Les organisations juridiques palestiniennes mettent en garde : «Nous prévenons que les attaques intentionnelles et illimitées d’Israël contre Rafah entraîneront la mort de milliers de civils palestiniens à une échelle sans précédent au cours des quatre mois écoulés de la campagne militaire génocidaire d’Israël contre Ghaza.»

Le CPDH et ses partenaires sont formels : «Cela forcera ceux qui survivent à être expulsés de Ghaza vers l’Egypte.» Les organisations civiques citent les précédents serbes dans l’ex-Yougoslavie, qui ont valu à Slobodan Milosevic et d’autres dirigeants sanguinaires de son acabit d’avoir été traduits devant le TPI, entre autres, pour «déplacements forcés de population» et «nettoyage ethnique».

«Le Tribunal pénal international pour l’ex-Yougoslavie (TPIY) a expliqué que le ‘‘transfert forcé’’ (de population, ndlr) est une ‘‘considération pertinente’’ lors de l’évaluation de l’intention génocidaire», soulignent ces ONG.

Et d’en déduire : «Forcer les Palestiniens à aller plus au sud, à Rafah, et maintenant annoncer le déplacement forcé des Palestiniens de Rafah, que ce soit à l’intérieur de petites poches de Ghaza ou bien vers l’Egypte, sans les nécessités de base pour survivre, est une preuve supplémentaire de l’intention génocidaire d’Israël.»

«Le déplacement forcé et massif des Palestiniens de Rafah constitue une Nakba continue du peuple palestinien», dénoncent les trois organisations. «En seulement quatre mois, révèlent-elles, les actes génocidaires de meurtres et de déplacements commis par Israël ont dépassé ceux de la Nakba entre 1947 et 1949 lorsque environ 15 000 Palestiniens ont été tués et 800 000 expulsés.»

Le Centre palestinien des droits de l’homme, Al Haq et Al Meezan mettent l’accent sur un point important dans leur communiqué en précisant qu’une bonne partie de la population de Ghaza est issue de la Nakba de 1948, et la première génération de Ghazaouis à avoir subi le colonialisme israélien porte dans sa chair les séquelles de ce premier arrachement.

Et les voici sur le point de vivre une autre déportation traumatisante. «La majorité des Palestiniens de Ghaza, soit environ 70%, sont des réfugiés auxquels Israël refuse leur droit au retour depuis la Nakba de 1948», affirment les auteurs du document, avant de relever : «Les politiques israéliennes depuis 1948 empêchent les réfugiés palestiniens du monde entier de rentrer chez eux.»

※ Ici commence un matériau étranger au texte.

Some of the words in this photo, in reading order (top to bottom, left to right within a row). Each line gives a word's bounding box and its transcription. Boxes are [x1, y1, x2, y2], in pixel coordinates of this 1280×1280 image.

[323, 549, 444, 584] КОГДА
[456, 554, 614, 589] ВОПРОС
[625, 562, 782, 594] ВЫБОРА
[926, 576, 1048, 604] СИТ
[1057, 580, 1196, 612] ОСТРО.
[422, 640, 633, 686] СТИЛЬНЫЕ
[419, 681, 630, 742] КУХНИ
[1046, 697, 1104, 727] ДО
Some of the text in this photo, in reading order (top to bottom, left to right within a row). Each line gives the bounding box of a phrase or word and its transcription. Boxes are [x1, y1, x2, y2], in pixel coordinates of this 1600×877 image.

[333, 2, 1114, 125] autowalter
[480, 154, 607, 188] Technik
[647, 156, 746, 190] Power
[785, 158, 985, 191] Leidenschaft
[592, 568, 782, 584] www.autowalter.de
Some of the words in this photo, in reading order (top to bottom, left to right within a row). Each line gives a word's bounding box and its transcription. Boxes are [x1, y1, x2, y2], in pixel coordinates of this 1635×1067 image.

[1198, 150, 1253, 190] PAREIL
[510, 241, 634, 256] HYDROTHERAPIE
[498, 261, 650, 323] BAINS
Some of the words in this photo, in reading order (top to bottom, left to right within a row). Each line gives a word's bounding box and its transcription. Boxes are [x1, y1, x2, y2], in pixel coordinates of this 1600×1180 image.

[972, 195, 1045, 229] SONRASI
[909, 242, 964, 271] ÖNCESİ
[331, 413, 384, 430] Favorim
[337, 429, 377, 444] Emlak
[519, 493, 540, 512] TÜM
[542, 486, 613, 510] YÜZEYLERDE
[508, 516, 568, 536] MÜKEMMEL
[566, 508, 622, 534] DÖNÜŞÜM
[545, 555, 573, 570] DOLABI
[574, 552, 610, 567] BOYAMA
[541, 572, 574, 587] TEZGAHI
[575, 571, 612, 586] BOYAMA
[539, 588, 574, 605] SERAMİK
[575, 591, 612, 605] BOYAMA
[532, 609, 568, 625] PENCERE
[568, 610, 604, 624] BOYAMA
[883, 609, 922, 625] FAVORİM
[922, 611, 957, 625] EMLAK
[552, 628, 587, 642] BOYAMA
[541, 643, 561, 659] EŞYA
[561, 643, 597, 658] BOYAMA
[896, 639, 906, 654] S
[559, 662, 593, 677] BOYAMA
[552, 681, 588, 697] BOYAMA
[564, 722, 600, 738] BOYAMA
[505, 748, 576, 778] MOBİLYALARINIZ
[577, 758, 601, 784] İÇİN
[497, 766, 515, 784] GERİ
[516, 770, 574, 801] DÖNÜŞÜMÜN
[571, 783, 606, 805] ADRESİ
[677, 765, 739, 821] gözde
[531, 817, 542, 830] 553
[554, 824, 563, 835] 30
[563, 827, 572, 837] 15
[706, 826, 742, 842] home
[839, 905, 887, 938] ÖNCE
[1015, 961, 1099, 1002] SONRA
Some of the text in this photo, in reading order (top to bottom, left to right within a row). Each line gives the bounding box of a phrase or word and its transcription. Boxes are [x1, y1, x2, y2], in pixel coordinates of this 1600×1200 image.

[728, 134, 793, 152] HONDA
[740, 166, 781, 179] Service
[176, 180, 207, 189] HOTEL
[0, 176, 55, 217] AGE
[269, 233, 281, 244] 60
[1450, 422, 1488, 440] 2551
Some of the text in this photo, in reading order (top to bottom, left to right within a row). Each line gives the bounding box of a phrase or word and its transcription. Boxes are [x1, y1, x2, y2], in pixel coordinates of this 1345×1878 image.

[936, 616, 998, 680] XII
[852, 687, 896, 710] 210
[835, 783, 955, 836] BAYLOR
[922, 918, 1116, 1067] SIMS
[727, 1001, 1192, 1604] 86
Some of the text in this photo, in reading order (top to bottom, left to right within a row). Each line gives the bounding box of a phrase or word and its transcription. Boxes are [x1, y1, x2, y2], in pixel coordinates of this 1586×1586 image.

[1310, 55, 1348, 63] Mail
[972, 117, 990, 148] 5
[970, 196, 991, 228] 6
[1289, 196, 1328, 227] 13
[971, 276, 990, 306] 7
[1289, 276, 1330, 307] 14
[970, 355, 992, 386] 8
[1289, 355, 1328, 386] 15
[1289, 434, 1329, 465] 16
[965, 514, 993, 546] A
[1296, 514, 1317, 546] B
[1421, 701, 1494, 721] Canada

Nous sommes dès lors face à une colonisation de peuplement caractérisée : «L’occupation militaire illégale en cours par Israël, l’apartheid et le déplacement forcé des Palestiniens sont inhérents à son entreprise coloniale et visent à détruire les Palestiniens en tant que groupe, en violation flagrante du droit inaliénable du peuple palestinien au retour et à l’autodétermination», martèlent les organisations civiques palestiniennes.

«Le refus du droit au retour des réfugiés palestiniens depuis des décennies, associé à la dernière campagne visant à nettoyer Rafah de 1,4 million de Palestiniens, est la preuve du génocide israélien contre le peuple palestinien et de la poursuite de la Nakba», insistent le Centre palestinien des droits de l’homme et les autres ONG.

Et d’appeler «de toute urgence la communauté internationale à faire face aux dangers réels et imminents d’expulser 1,4 million de Palestiniens, déjà dépossédés et déplacés à plusieurs reprises, de l’autre côté de la frontière vers l’Egypte, dans un acte final de colonisation et d’effacement colonial irréversibles».